As he walked past the open back of Hjálmar’s SUV, he saw a small bag, faded blue with shoulder straps. Óskar’s Lego bookbag. The boy would want his things. He shoved the bag under his arm and turned to go.
Then he remembered what Hjálmar had put in his breast pocket. He put out his hand. “Give me my passport.”
The commissioner had recovered his dignity. “I will not.” Now they had to shout to be heard over the wind. “You will be in an Icelandic prison for the next ten years, or twenty. I guarantee it. Unless you face extradition for crimes committed elsewhere.”
“I could have killed your men.”
“I will mention your restraint at your trial.” Hjálmar ges
tured at his downed officers. “How many men will go to hospital because of you? Will walk with a cane?”
“I’ll add that to my long list of regrets,” Peter said, and meant it. “My passport. Now.”
Hjálmar reached inside his jacket and withdrew the small blue book. He gripped it firmly between his thumb and the knuckle of his index finger. Even though he held it down by his waist, the storm wind made the thick paper rattle.
Peter stepped closer, hand out and open.
Looking Peter in the eye, Hjálmar threw the passport straight up, as hard as he could.
The wind caught the little booklet.
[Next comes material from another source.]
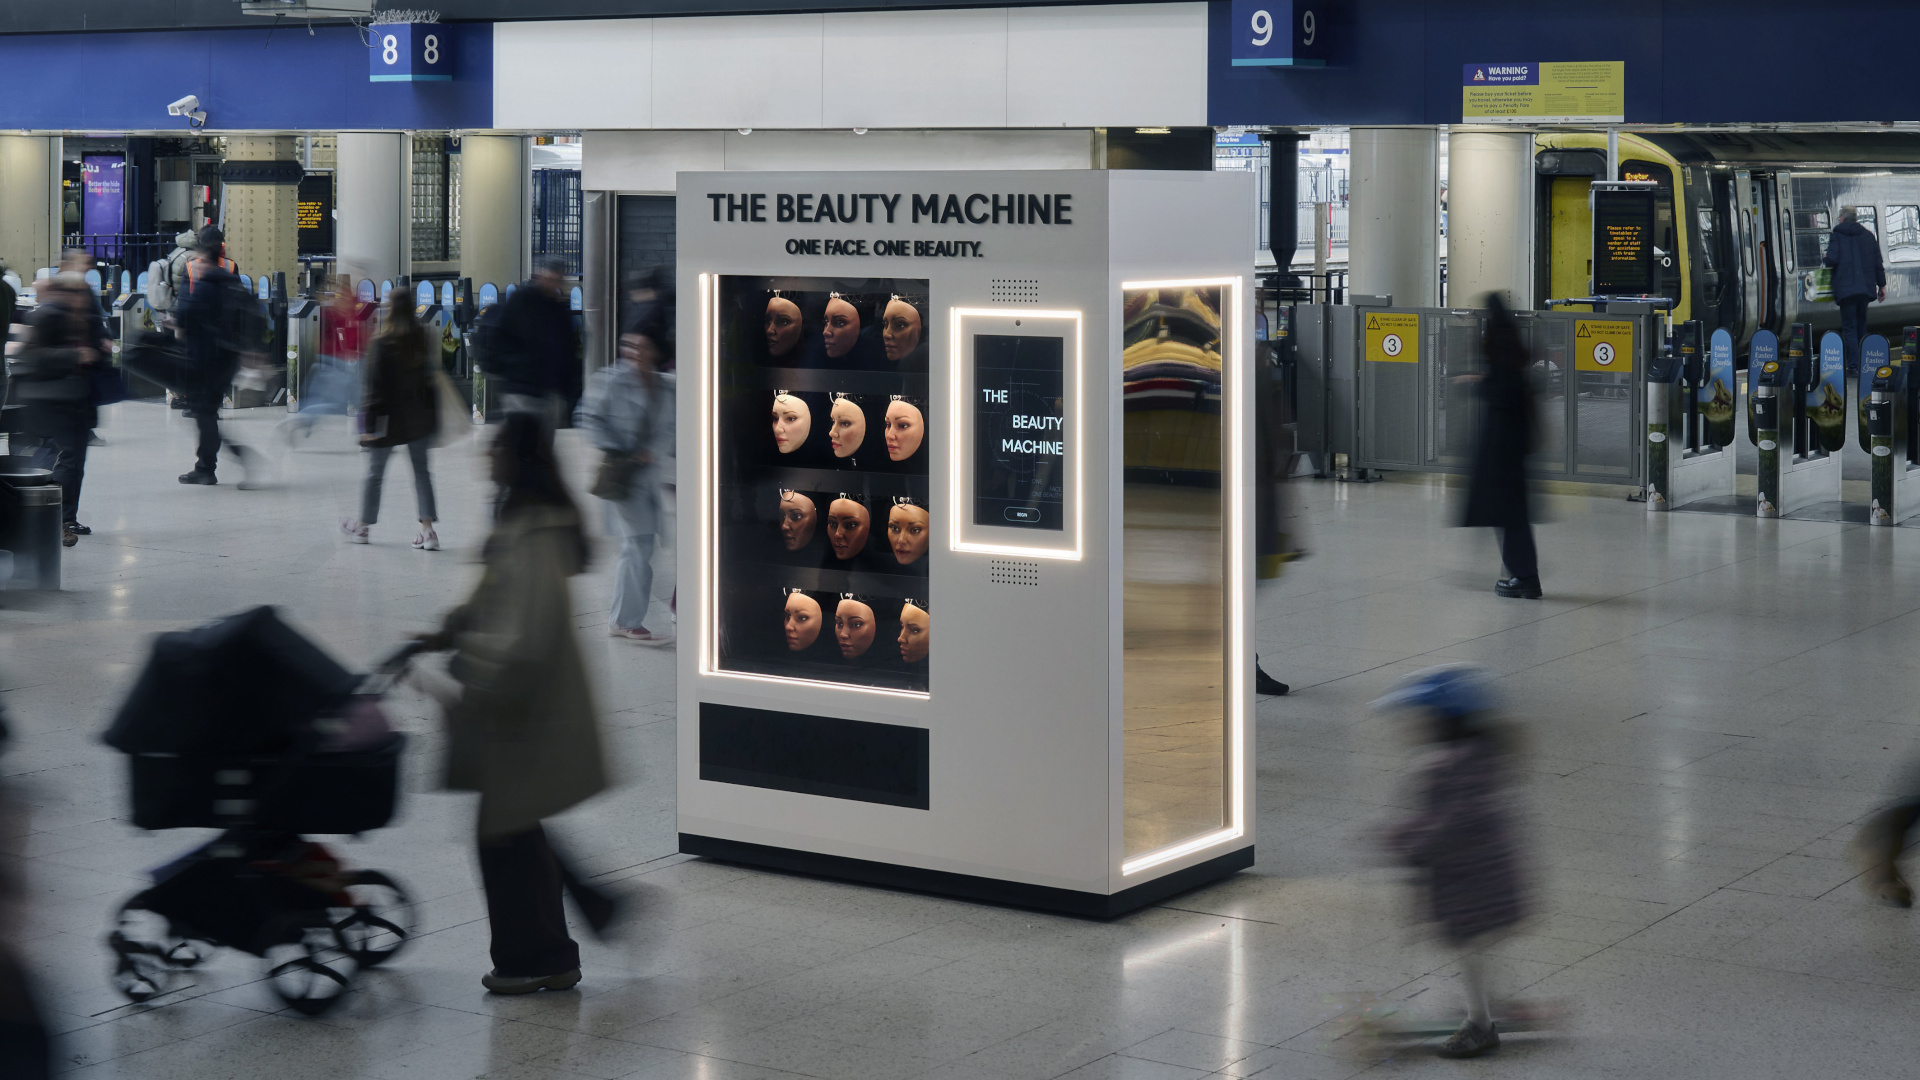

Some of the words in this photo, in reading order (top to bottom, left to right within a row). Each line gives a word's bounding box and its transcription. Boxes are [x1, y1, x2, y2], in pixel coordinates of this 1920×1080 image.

The cover opened and the pages fluttered like wings. The passport lifted high, rising into the night sky until it was lost in darkness.
Peter growled.
Hjálmar raised his chin. “We are a nation of laws. We will find you. You will be punished.”
“I don’t doubt it,” Peter said. “When you find me, I’ll have Óskar.” He looked the older man hard in the face. “Make sure you get him to a safe place. Do you understand me?”
Hjálmar stared back without an answer.
Peter climbed into the Defender and used the heavy bumper to push through the roadblock, then roared northeast toward the gap in the mountains.
51
He left the main highway just before Blönduós, headed north on a narrow road between jagged mountains and the raging sea. The storm was fully on him now, the snow coming fast and hard.
He gripped the wheel firmly to stop his hands from shaking. The adrenaline had burned itself out and left him an empty husk. He’d seen no police since the roadblock, nor any other pursuers, although he knew they were behind him somewhere, gathering.
In the aftermath of the fight, the wave of dizziness had returned twice. Peter didn’t know the cause, but it didn’t matter. He’d been tired before, and sick, too. He was strong. He’d be fine. He had work to do.